En el momento más paroxístico de todo el relato, la «mujer del médico» experimenta una crisis que se exterioriza como llanto incontenible. Ella es la única protagonista de la historia que no perdió la vista y a quien le tocó la desgarradora responsabilidad de ver hundirse la condición humana. Condujo a su grupo de manera honrosa y sorteó las dificultades a su alcance pero cuando la lucha encarnizada por la sobrevivencia ganó terreno, se derrumbó junto con ella. Es precisamente en ese instante que un perro abandonado deja de hurgar basura para acercársele y lamerle las lágrimas.
El episodio es uno de los más nobles del texto precisamente por la operación inversa que pone en marcha. Es como si –de repente- se hubieran cambiado los roles en el funcionamiento del mundo y éste se pensara de nuevo. No se trata de un hecho menor en la narración. Los personajes que la habitan llegado ese momento han perdido el sentido de la existencia. Se han desprendido de sus referencias sociales, políticas e históricas y sobreviven como mera biología. En un cuadro de situación semejante, ¿dónde queda el reservorio de dignidad que es promesa de alguna cosa? Esta es la ecuación que baraja Saramago a través del perro de las lágrimas para testimoniar el colapso de la razón en la vida contemporánea. En medio del horror, la pervivencia del hombre queda contenida en esa cifra mínima que se confunde con su instinto de conservación y cuyo mejor maestro es la especie que no ha accedido al pensamiento lógico ni ha inventado la rueda.

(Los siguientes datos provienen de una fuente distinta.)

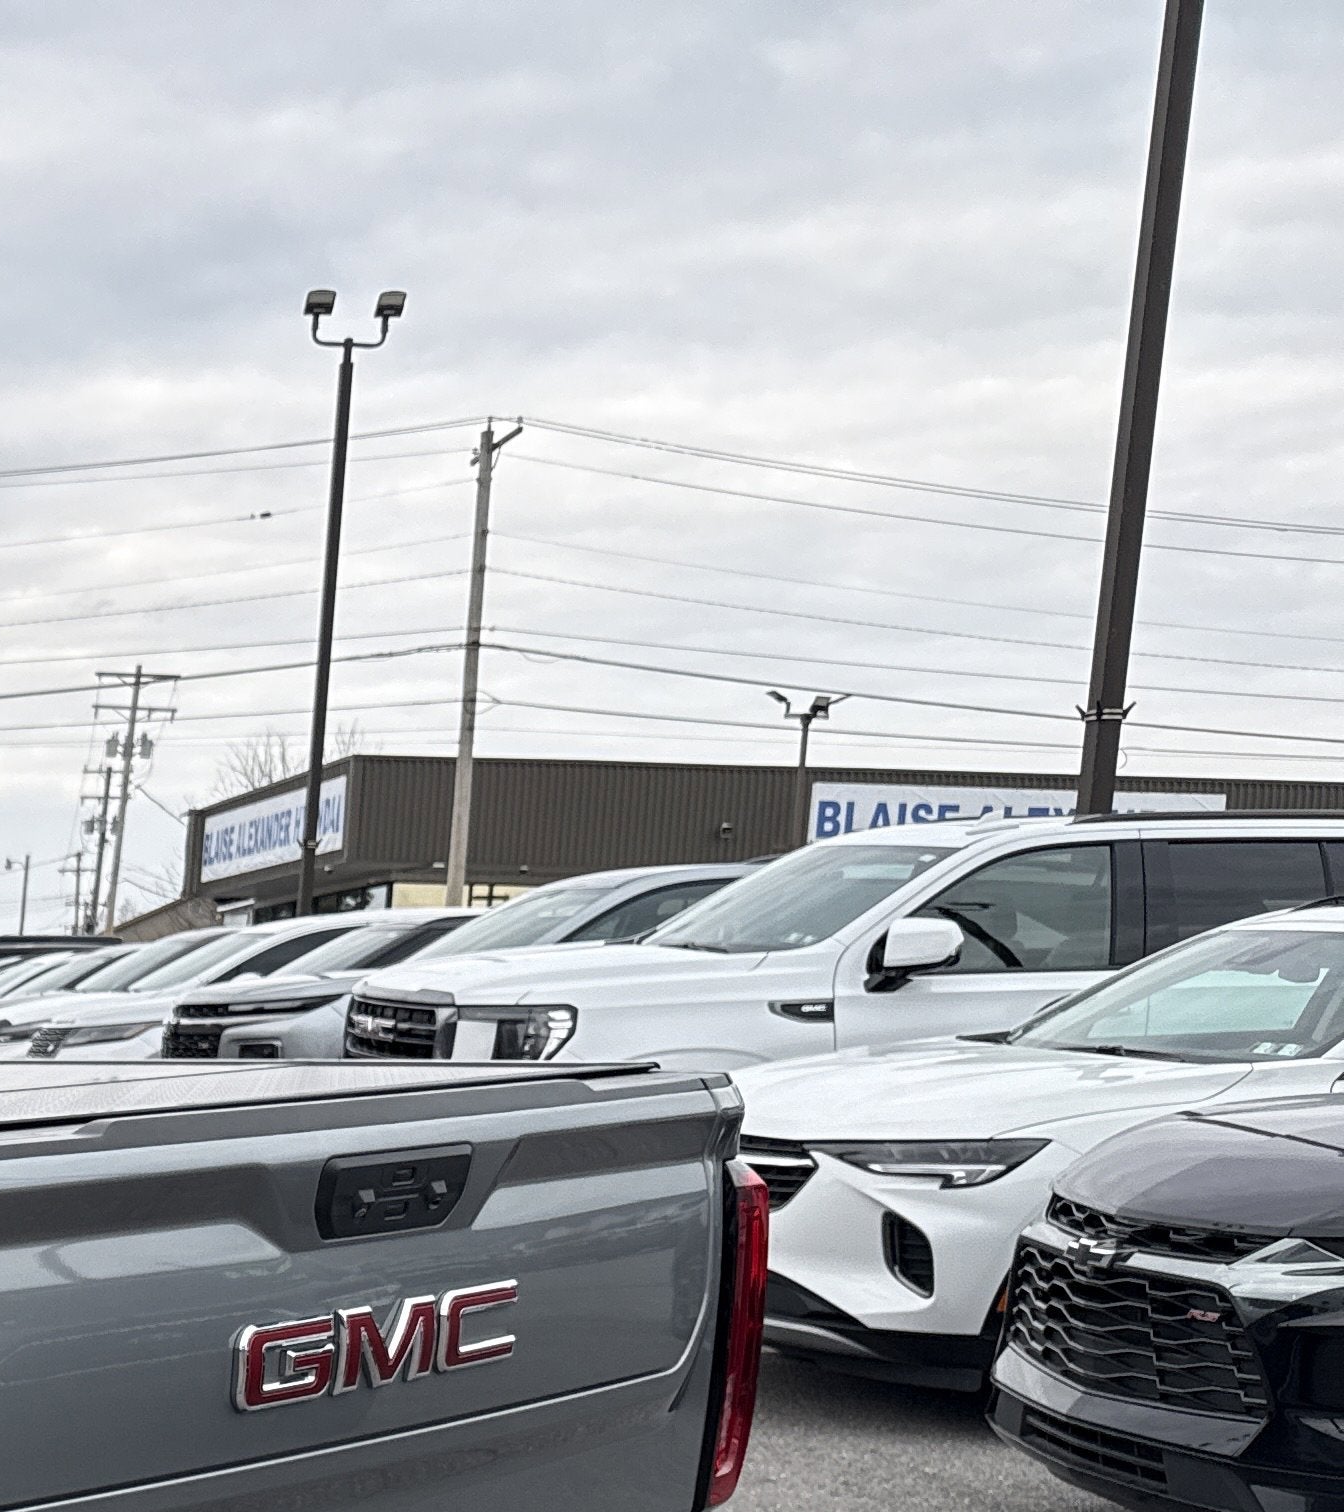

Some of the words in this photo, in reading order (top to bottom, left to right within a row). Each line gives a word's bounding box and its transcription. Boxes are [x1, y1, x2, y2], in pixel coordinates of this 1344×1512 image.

El juego metafórico del premio nobel, su apuesta lúdica en la novela exorciza la irracionalidad que ha tomado cuenta de nuestro devenir por vía de la compasión animal. Si la mujer del Ensayo no hubiera sido confortada por el cachorro en ese momento de hecatombe, hubiera tal vez claudicado. Y en un universo en descomposición, su desasosiego acabaría con todo porque –al modo de Atlas- le cabía sostenerº el planeta sobre sus hombros. La fórmula apocalíptica según la cual un perro vagabundo nos devuelve humanidad sobrepasa cualquier metafísica posible que se pueda invocar.
Saramago eran tan consciente de este hallazgo ficcional que afirmó en una de sus tantas entrevistas que le gustaría ser recordado como el escritor que creó ese personaje. Y llevó este anhelo hasta el final recordándonos que no nos vendría nada mal aullar un poco de vez en cuando."
"Fuentes consultadas:
Saramago, J. (1995). Ensaio sobre a cegueira. Lisboa: Caminho. Versión en español de Alfaguara.
Saramago, J. (2004). Ensaio sobre a lucidez. São Paulo: Companhia das Letras. Versión en español de Alfaguara."